## Aim of the task
Only the pictures stay out; every record is to be quoted exactly.

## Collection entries
┄┄┄┄┄┄┄┄┄┄
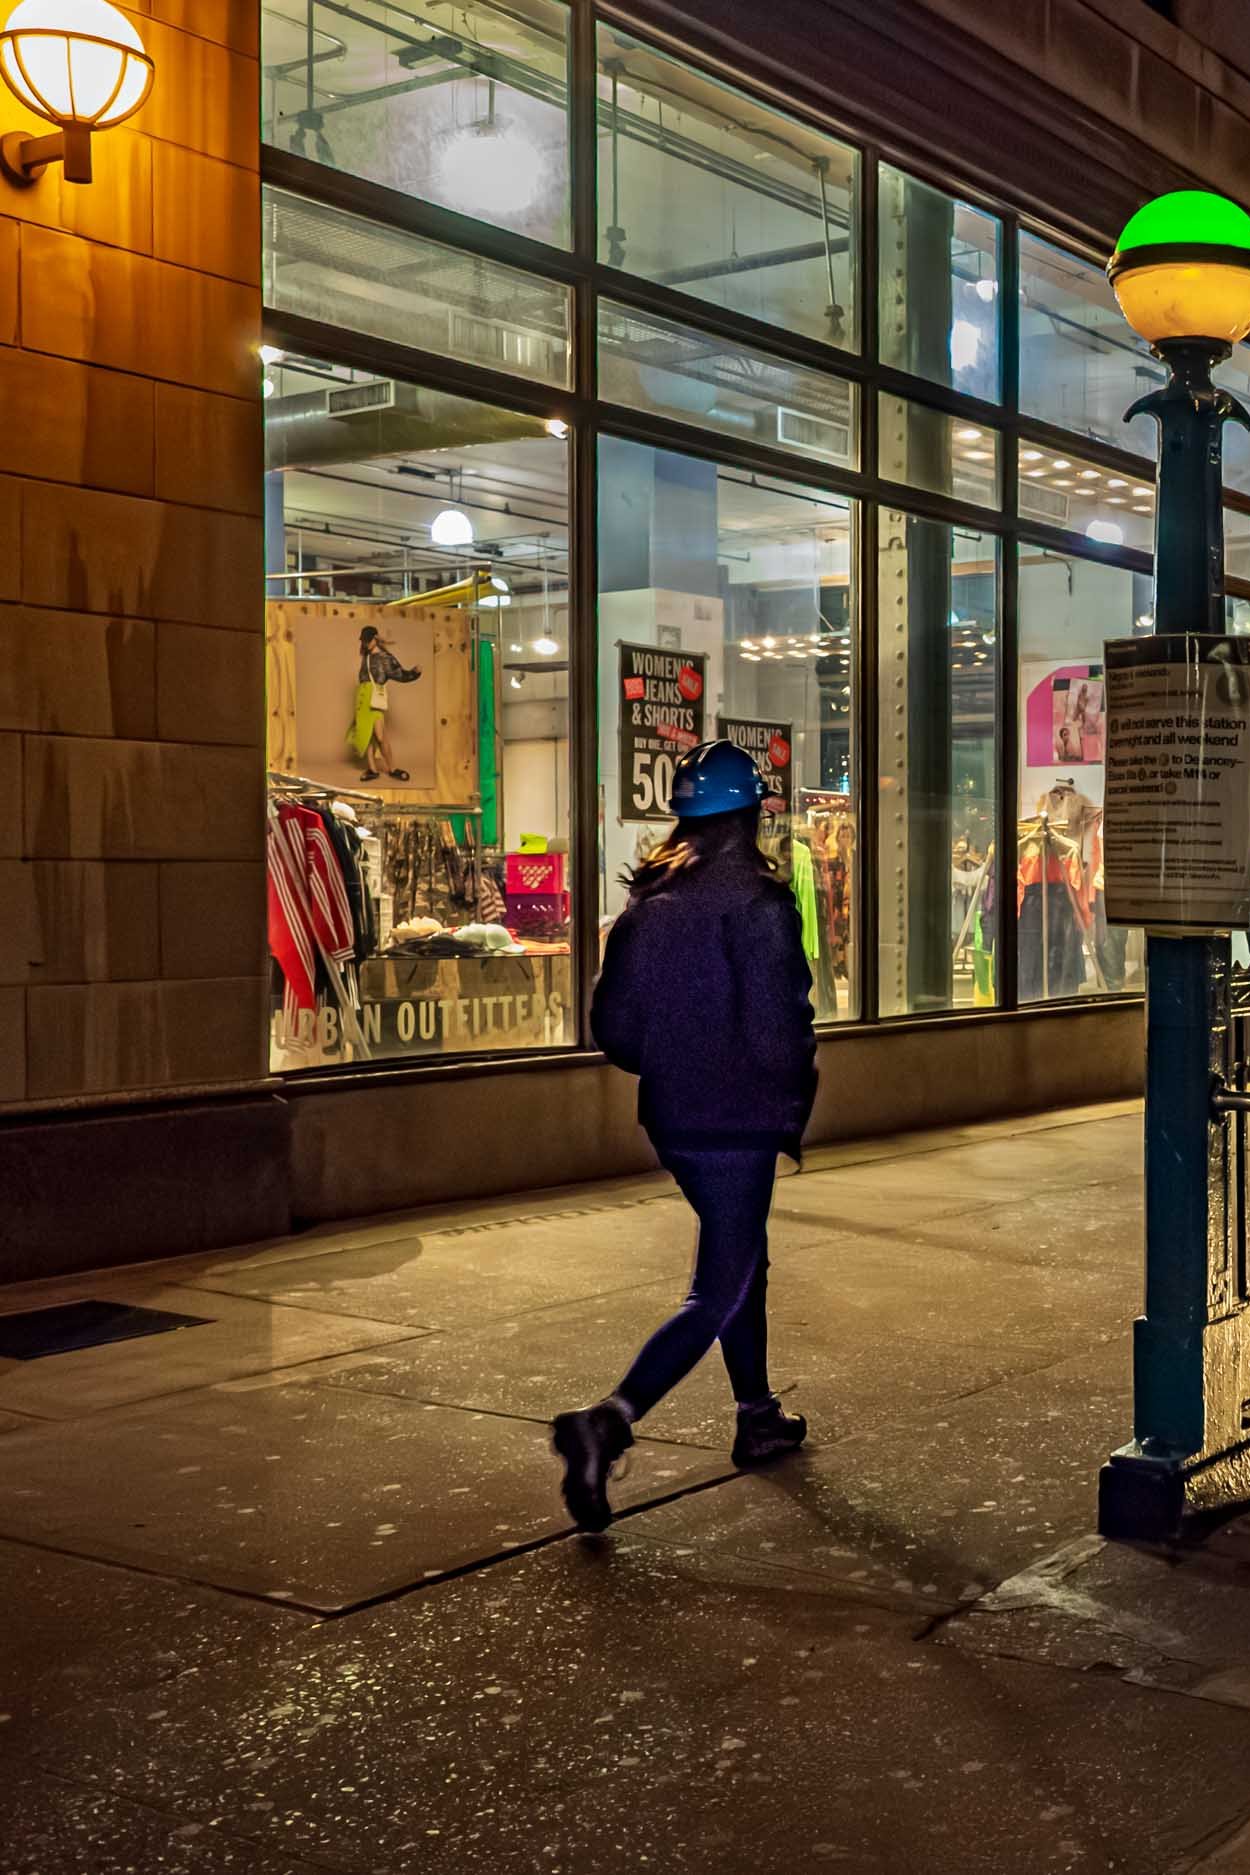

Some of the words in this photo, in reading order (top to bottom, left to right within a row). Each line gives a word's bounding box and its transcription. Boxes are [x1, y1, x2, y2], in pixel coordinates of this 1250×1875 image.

[644, 680, 682, 704] JEANS
[632, 703, 641, 725] &
[644, 704, 694, 731] SHORTS
[1176, 715, 1199, 728] this
[1203, 717, 1247, 731] station
[633, 752, 680, 813] 50
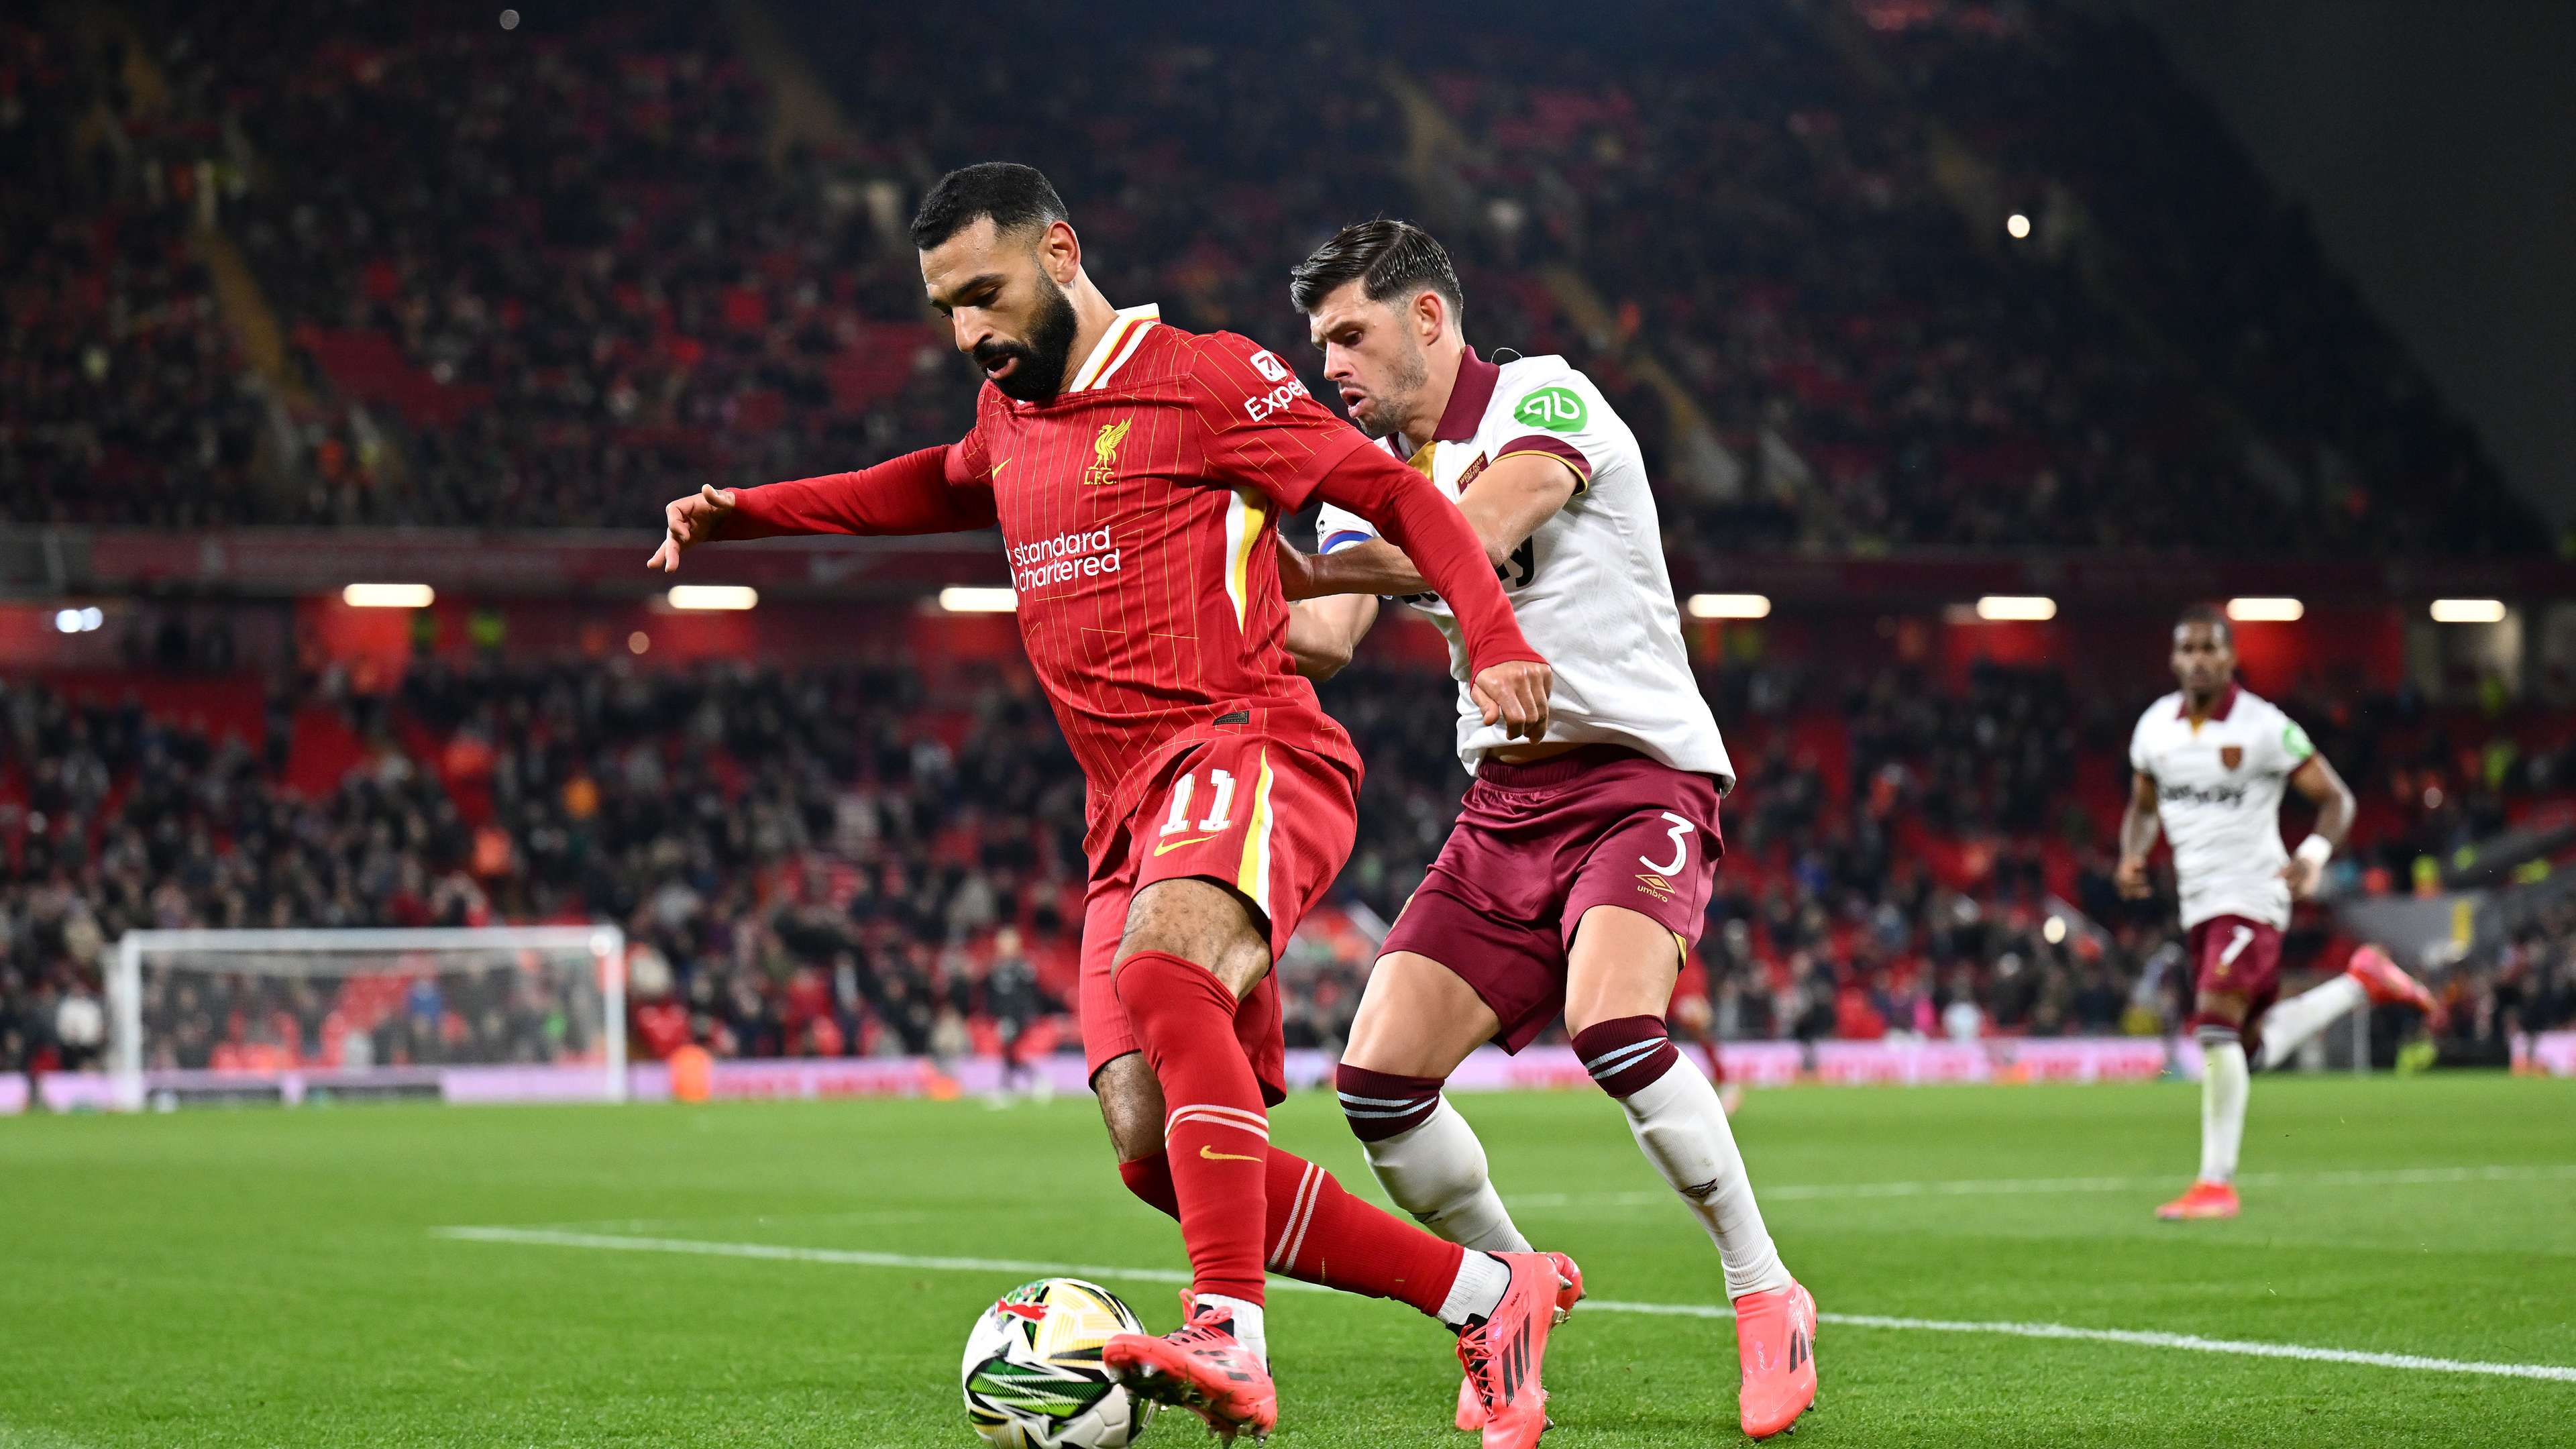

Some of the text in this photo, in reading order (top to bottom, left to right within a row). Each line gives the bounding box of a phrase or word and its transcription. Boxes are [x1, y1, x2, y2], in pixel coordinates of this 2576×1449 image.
┄┄┄┄┄┄┄┄┄┄
## Result of this task
Some of the words in this photo, in reading order (top to bottom, left to right within a row). Each line gives a word's bounding box and its transcription. Boxes are [x1, y1, x2, y2], in pixel coordinates of this 1250×1875 image.

[644, 680, 682, 704] JEANS
[632, 703, 641, 725] &
[644, 704, 694, 731] SHORTS
[1176, 715, 1199, 728] this
[1203, 717, 1247, 731] station
[633, 752, 680, 813] 50

Some of the text in this photo, in reading order (top to bottom, left to right within a row). Each line gives the bounding box of a phrase or word and its transcription. Boxes are [x1, y1, x2, y2], in pixel coordinates of this 2576×1449 image.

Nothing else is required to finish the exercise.